- Date: 9–15 September
- Edition: 22nd
- Surface: Yellow clay
- Location: Seville, Spain

Champions

Singles
- Alejandro Davidovich Fokina

Doubles
- Gerard Granollers / Pedro Martínez
| Copa Sevilla |

= 2019 Copa Sevilla =

The 2019 Copa Sevilla was a professional tennis tournament played on clay courts. It was the 22nd edition of the tournament which was part of the 2019 ATP Challenger Tour. It took place in Seville, Spain between 9 and 15 September 2019.

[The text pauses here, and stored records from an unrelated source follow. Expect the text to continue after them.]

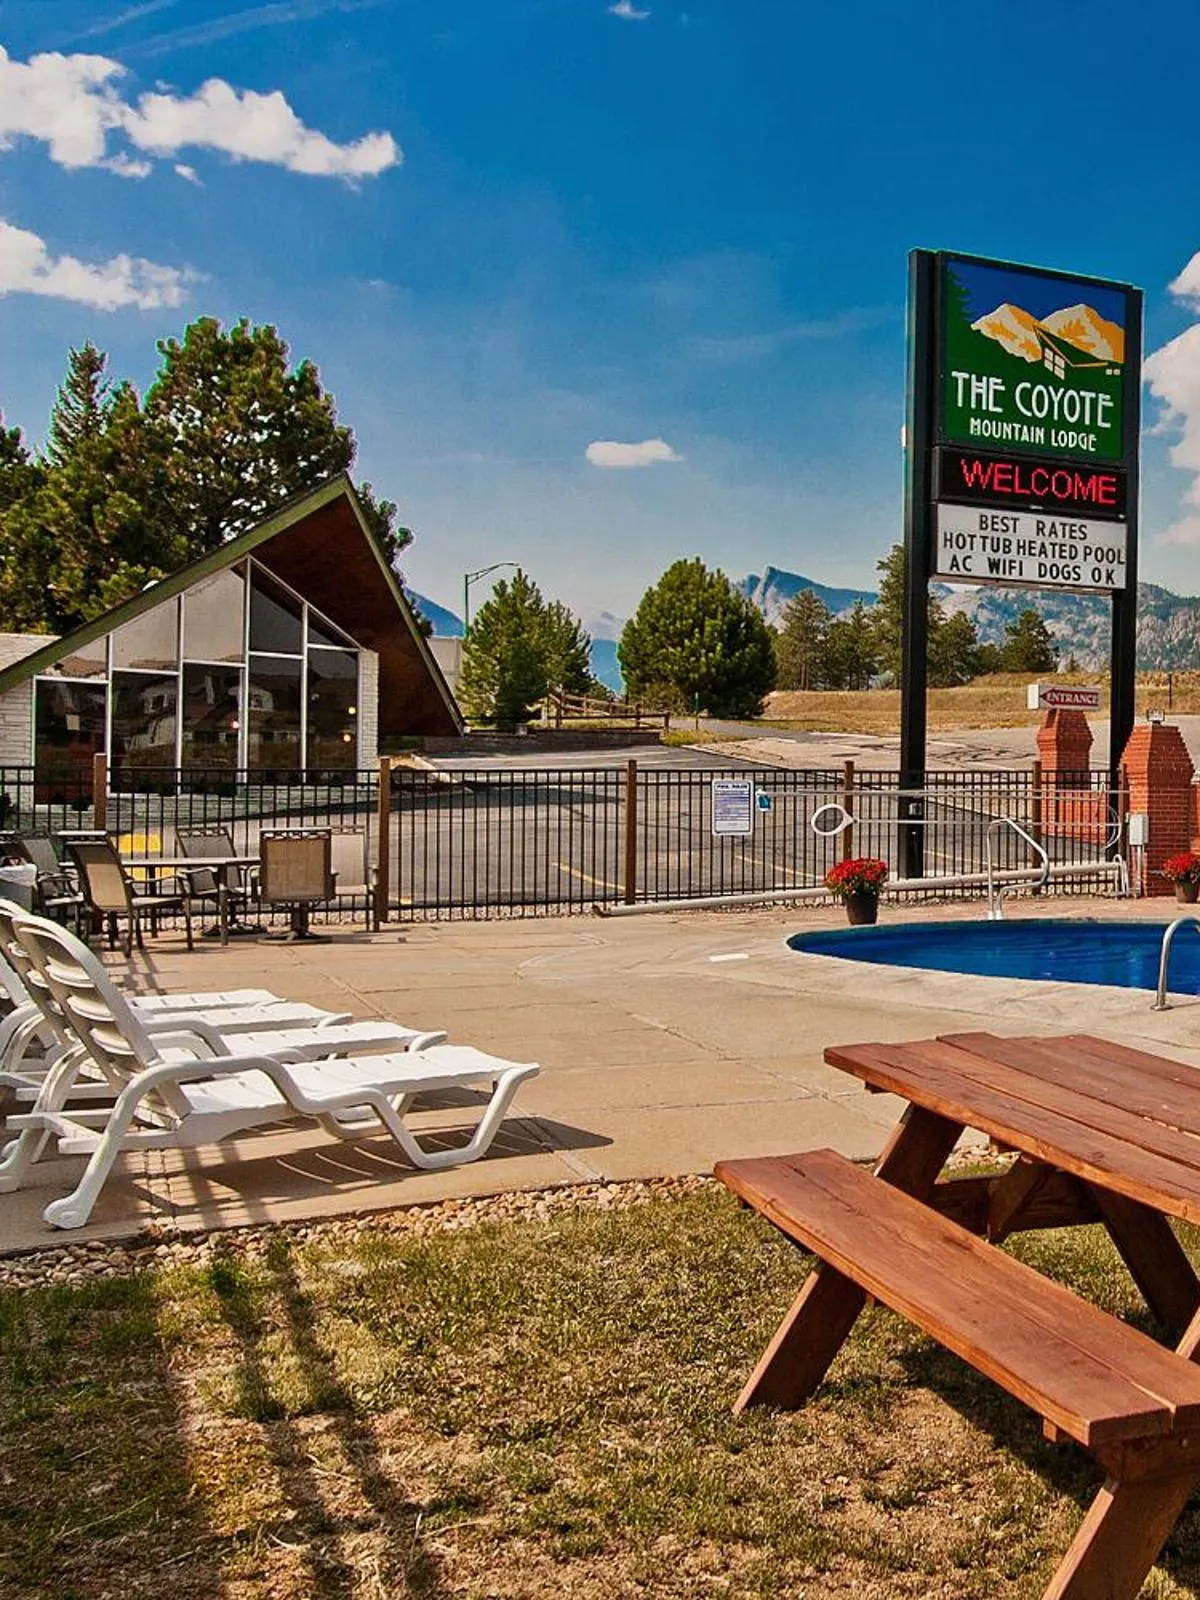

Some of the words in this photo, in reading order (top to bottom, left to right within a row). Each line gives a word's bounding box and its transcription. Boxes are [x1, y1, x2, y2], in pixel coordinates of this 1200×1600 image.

[951, 370, 1006, 413] THE
[1015, 382, 1114, 428] COYOTE
[969, 417, 1045, 445] MOUNTAIN
[1051, 428, 1097, 452] LODGE
[960, 458, 1117, 504] WELCOME
[979, 514, 1020, 534] BEST
[1036, 520, 1088, 541] RATES
[943, 532, 977, 551] HOT
[980, 535, 1012, 555] TUB
[1017, 539, 1078, 561] HEATED
[1083, 545, 1125, 565] POOL
[950, 554, 973, 572] AC
[987, 556, 1023, 577] WIFI
[1038, 562, 1081, 582] DOGS
[1091, 567, 1116, 585] OK
[1046, 692, 1097, 705] ENTRANCE

==Singles main-draw entrants==
===Seeds===

| Country | Player | Rank^{1} | Seed |
|---|---|---|---|
| ESP | Jaume Munar | 97 | 1 |
| ITA | Salvatore Caruso | 102 | 2 |
| ESP | Alejandro Davidovich Fokina | 126 | 3 |
| ITA | Paolo Lorenzi | 135 | 4 |
| BEL | Kimmer Coppejans | 138 | 5 |
| ITA | Federico Gaio | 145 | 6 |
| ESP | Pedro Martínez | 153 | 7 |
| ESP | Guillermo García López | 165 | 8 |
| GER | Yannick Hanfmann | 182 | 9 |
| ESP | Tommy Robredo | 184 | 10 |
| ESP | Adrián Menéndez Maceiras | 193 | 11 |
| ESP | Mario Vilella Martínez | 202 | 12 |
| CRO | Viktor Galović | 224 | 13 |
| ESP | Bernabé Zapata Miralles | 234 | 14 |
| ARG | Pedro Cachin | 253 | 15 |
| ESP | Carlos Taberner | 254 | 16 |

- ^{1} Rankings are as of 26 August 2019.

===Other entrants===
The following players received wildcards into the singles main draw:
- ESP Carlos Alcaraz
- ESP Carlos Gómez-Herrera
- ESP Pablo Llamas Ruiz
- ESP Ricardo Ojeda Lara
- ESP Tommy Robredo

The following players received entry into the singles main draw using protected rankings:
- ESP Íñigo Cervantes
- ESP Daniel Muñoz de la Nava

The following players received entry from the qualifying draw:
- ESP Gerard Granollers
- ESP David Vega Hernández

==Champions==
===Singles===

- ESP Alejandro Davidovich Fokina def. ESP Jaume Munar 2–6, 6–2, 6–2.

===Doubles===

- ESP Gerard Granollers / ESP Pedro Martínez def. BEL Kimmer Coppejans / ESP Sergio Martos Gornés 7–5, 6–4.